One morning—it was two days after the party at Naroumoff's, and a week before the scene we have just sketched—Lisabeta was sitting at her embroidery before the window, when, looking carelessly into the street, she saw an officer, in the uniform of the Engineers, standing motionless with his eyes fixed upon her. She lowered her head, and applied herself to her work attentively than ever. Five minutes afterwards she looked mechanically into the street, and the officer was still in the same place. Not being in the habit of exchanging glances with young men who passed by her window, she remained with her eyes fixed on her work for nearly two hours, until she was told that lunch was ready. She got up to put her embroidery away, and, while doing so, looked into the street, and saw the officer still in the same place. This seemed to her very strange. After lunch she went to the window with a certain emotion, but the officer of Engineers was no longer in the street.

She thought no more of him. But two days afterwards, just as she was getting into the carriage with the Countess, she saw him once more, standing straight before the door. His face was half concealed by a fur collar, but his black eyes sparkled beneath his helmet. Lisabeta was afraid, without knowing why, and she trembled as she took her seat in the carriage.

On returning home, she rushed with a beating heart towards the window. The officer was in his habitual place, with his eyes fixed ardently upon her. She at once withdrew, burning at the same time with curiosity, and moved by a strange feeling, which she now experienced for the first time.

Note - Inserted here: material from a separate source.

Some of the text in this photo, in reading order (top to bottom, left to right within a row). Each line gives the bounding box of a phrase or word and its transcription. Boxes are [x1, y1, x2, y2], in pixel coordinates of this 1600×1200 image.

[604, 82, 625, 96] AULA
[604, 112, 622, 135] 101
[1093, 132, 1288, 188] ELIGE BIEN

No day now passed but the young officer showed himself beneath the window. Before long a dumb acquaintance was established between them. Sitting at her work she felt his presence, and when she raised her head she looked at him for a long time every day. The young man seemed full of gratitude for these innocent favours.

She observed, with the deep and rapid perceptions of youth, that a sudden redness covered the officer's pale cheeks as soon as their eyes met. After about a week she would smile at seeing him for the first time.

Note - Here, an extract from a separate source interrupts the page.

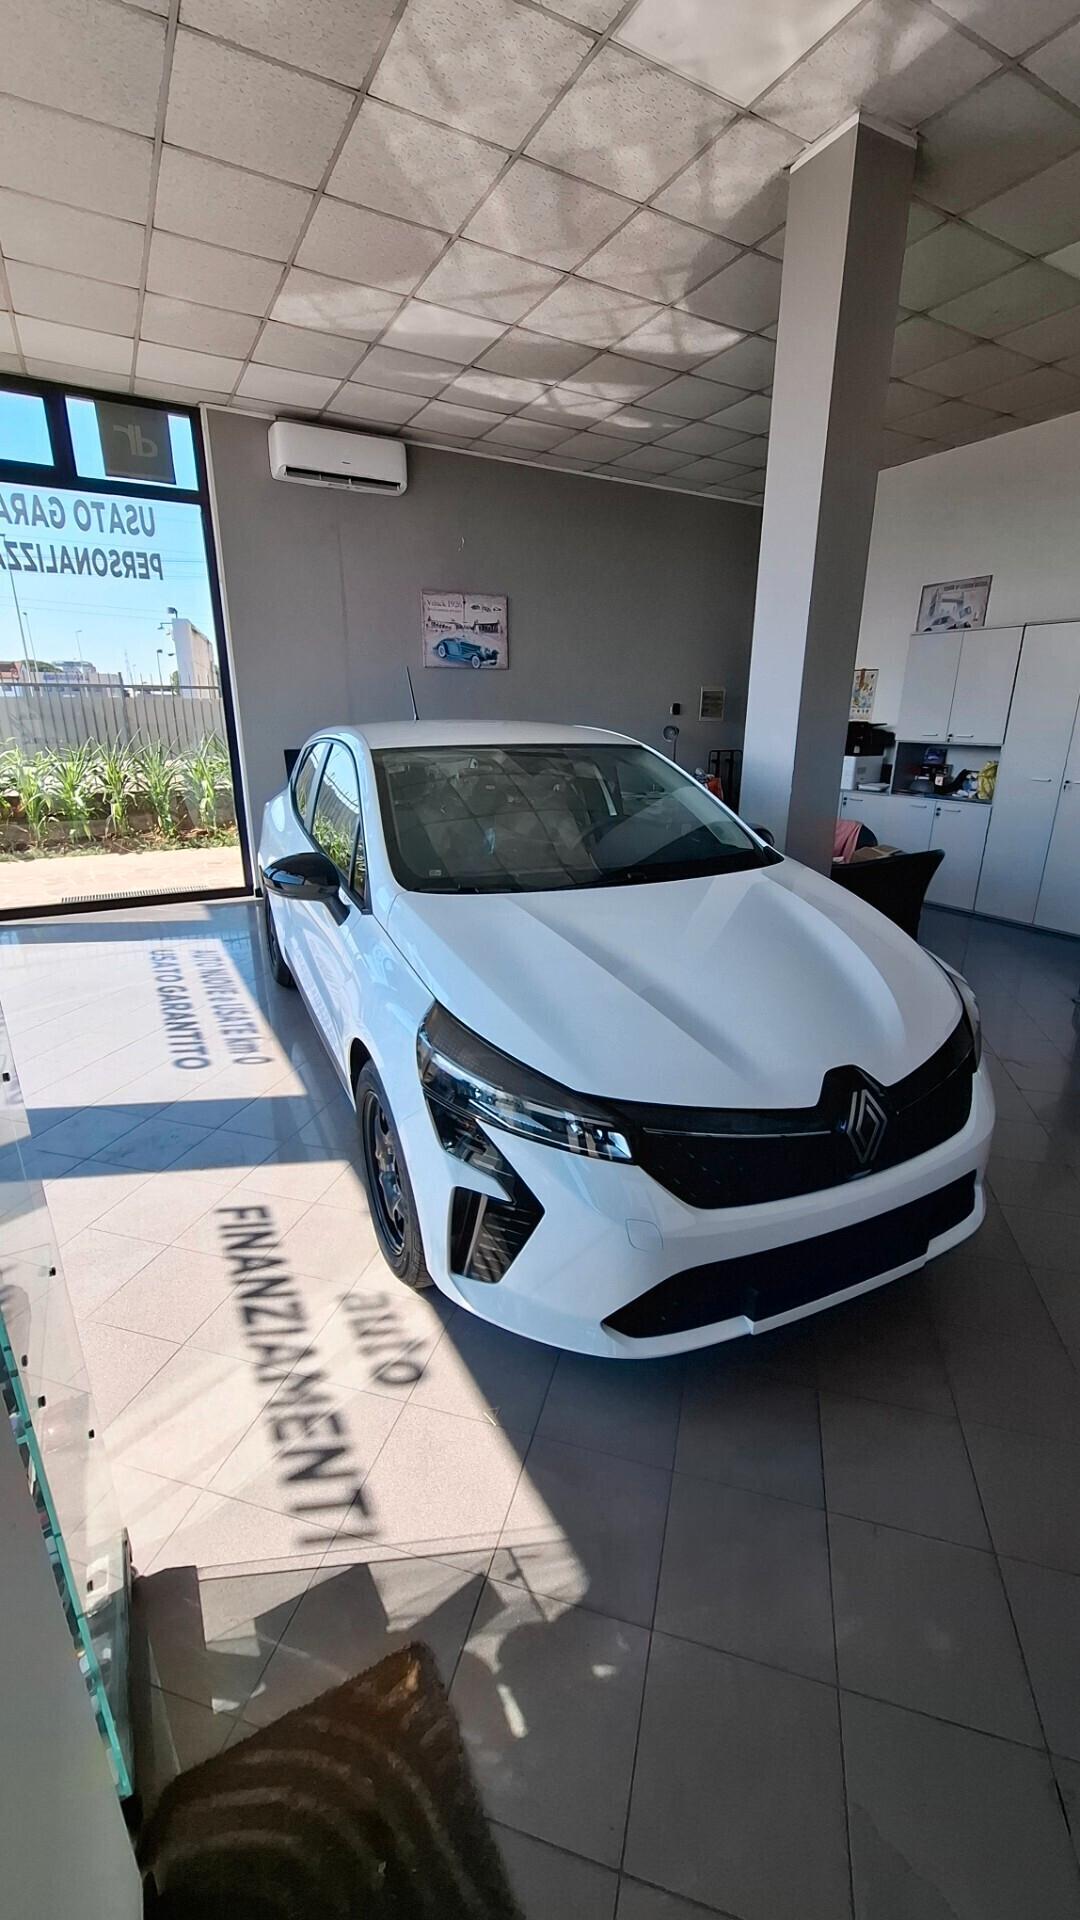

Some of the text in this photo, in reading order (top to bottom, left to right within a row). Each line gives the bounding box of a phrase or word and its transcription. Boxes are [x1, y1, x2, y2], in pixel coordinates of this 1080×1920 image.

[150, 949, 211, 1069] USATO GARANTITO
[212, 1003, 257, 1035] USATE
[215, 1205, 381, 1545] FINANZIAMENTI

When Tomski asked his grandmother's permission to present one of his friends, the heart of the poor young girl beat strongly, and when she heard that it was Naroumoff, she bitterly repented having compromised her secret by letting it out to a giddy young man like Paul.

Hermann was the son of a German settled in Russia, from whom he had inherited a small sum of money. Firmly resolved to preserve his independence, he had made it a principle not to touch his private income. He lived on his pay, and did not allow himself the slightest luxury. He was not very communicative; and his reserve rendered it difficult for his comrades to amuse themselves at his expense.

Under an assumed calm he concealed strong passions and a highly-imaginative disposition. But he was always master of himself, and kept himself free from the ordinary faults of young men. Thus, a gambler by temperament, he never touched a card, feeling, as he himself said, that his position did not allow him to "risk the necessary in view of the superfluous." Yet he would pass entire nights before a card-table, watching with feverish anxiety the rapid changes of the game. The anecdote of Count St. Germain's three cards had struck his imagination, and he did nothing but think of it all that night.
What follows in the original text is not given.